Melalui sang juru kunci yang menjaga makam, warga langsung menyampaikan segala keinginannya, baik dalam hal pekerjaan, kesembuhan dari berbagai macam penyakit, hingga putranya lulus dalam ujian nasional.
Sementara itu, dua sinden yang diarak langsung membawakan sejumlah tembang Jawa dengan iringan musik tradisional. Uniknya, musik yang mengiringi bukan lagi gamelan, tetapi musik yang didengungkan dari mulut para panjak (musisi gamelan).
Darmini mengaku, sengaja menggelar ritual seperti ini tiap tahun karena yakin segala keinginannya akan terkabul jika sudah mempersembahkan sesaji dan berdoa di makam Dampu Awing.
“Sebaliknya, jika tradisi ini ditinggalkan, warga takut desa mereka yang berada di tengah hutan ini akan ditimpa bencana,” paparnya.
Selain itu, Perangkat Desa Bajang Mardi menjelaskan, tradisi ini sudah rutin di gelar secara turun temurun oleh warga di Desa Bajang.

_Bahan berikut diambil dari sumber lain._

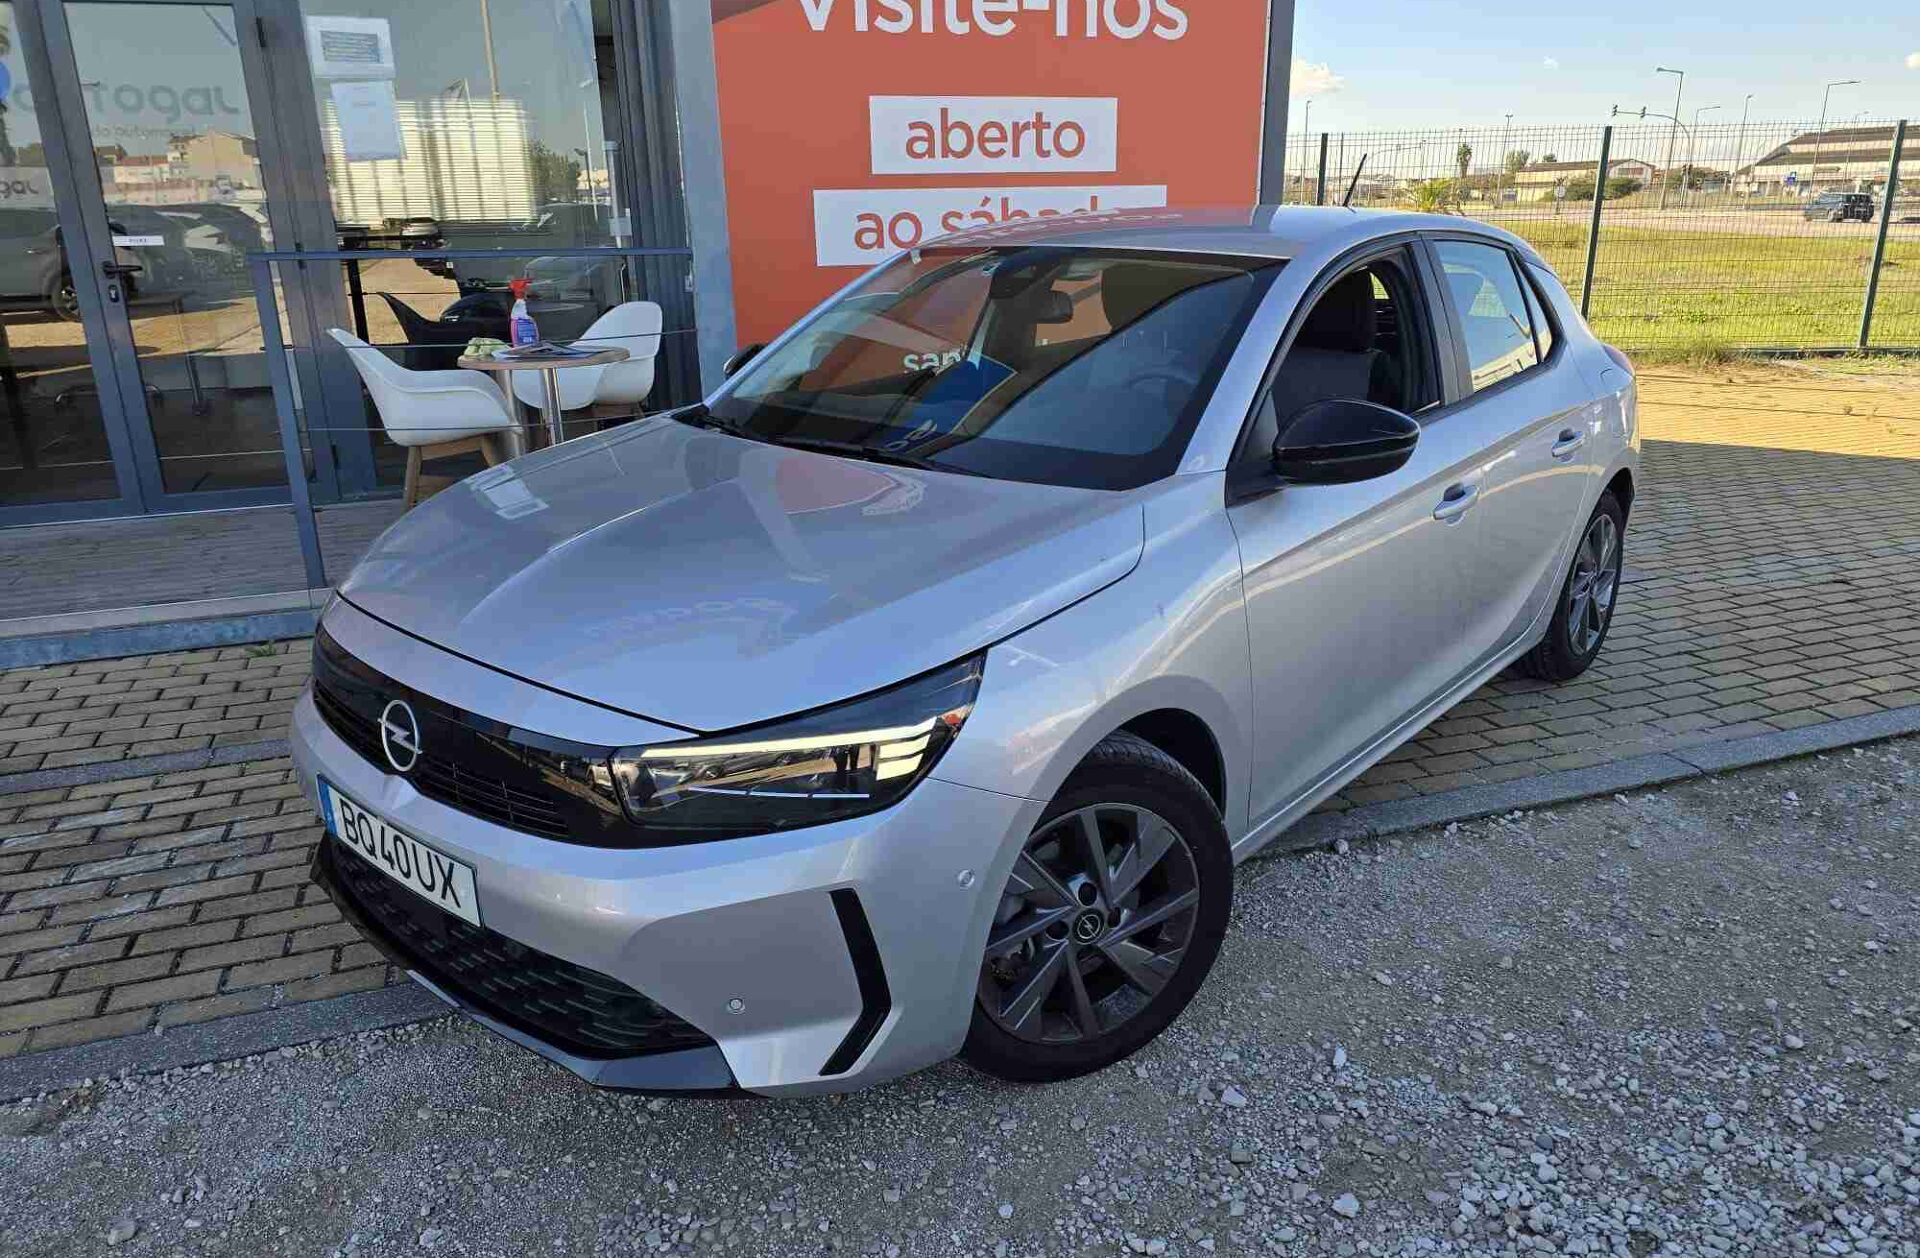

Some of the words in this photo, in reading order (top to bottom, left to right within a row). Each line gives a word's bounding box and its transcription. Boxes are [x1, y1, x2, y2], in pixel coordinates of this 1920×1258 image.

[904, 107, 1086, 159] aberto
[854, 211, 922, 249] ao
[339, 797, 462, 909] BQ40UX

“Dahulunya tempat di sekitar gunung perahu ini adalah danau yang sangat luas,” terangnya.
Mardi menambahkan, sang Dampu Awang yang datang dengan mengendarai kapalnya tiba-tiba terdampar di tempat ini, hingga lama kelamaan air danau mengering, kawasan ini berubah menjadi hutan dan perahu Dampu Awang membentuk gundukan tanah.
“Gundukan tanah dari puing-puing perahu inilah yang kemudian di sebuah gunung perahu dan setelah meninggal dunia, jasad Dampu Awang dimakamkan di tempat ini,” imbuhnya.
Mardi menjelaskan, setelah nasi selamatan yang dibawa di bacakan doa, lauk pauk dan seluruh makanan inipun di bagikan dan dimakan bersama.
Sudah jelas bahwa hal ini merupakan kesyirikan yang amat dahsyat, bukannya dapat terkabul keinginan malah menambah murka Alloh Subhanahu wa Ta’ala. (Redaksi HASMI/Okezone)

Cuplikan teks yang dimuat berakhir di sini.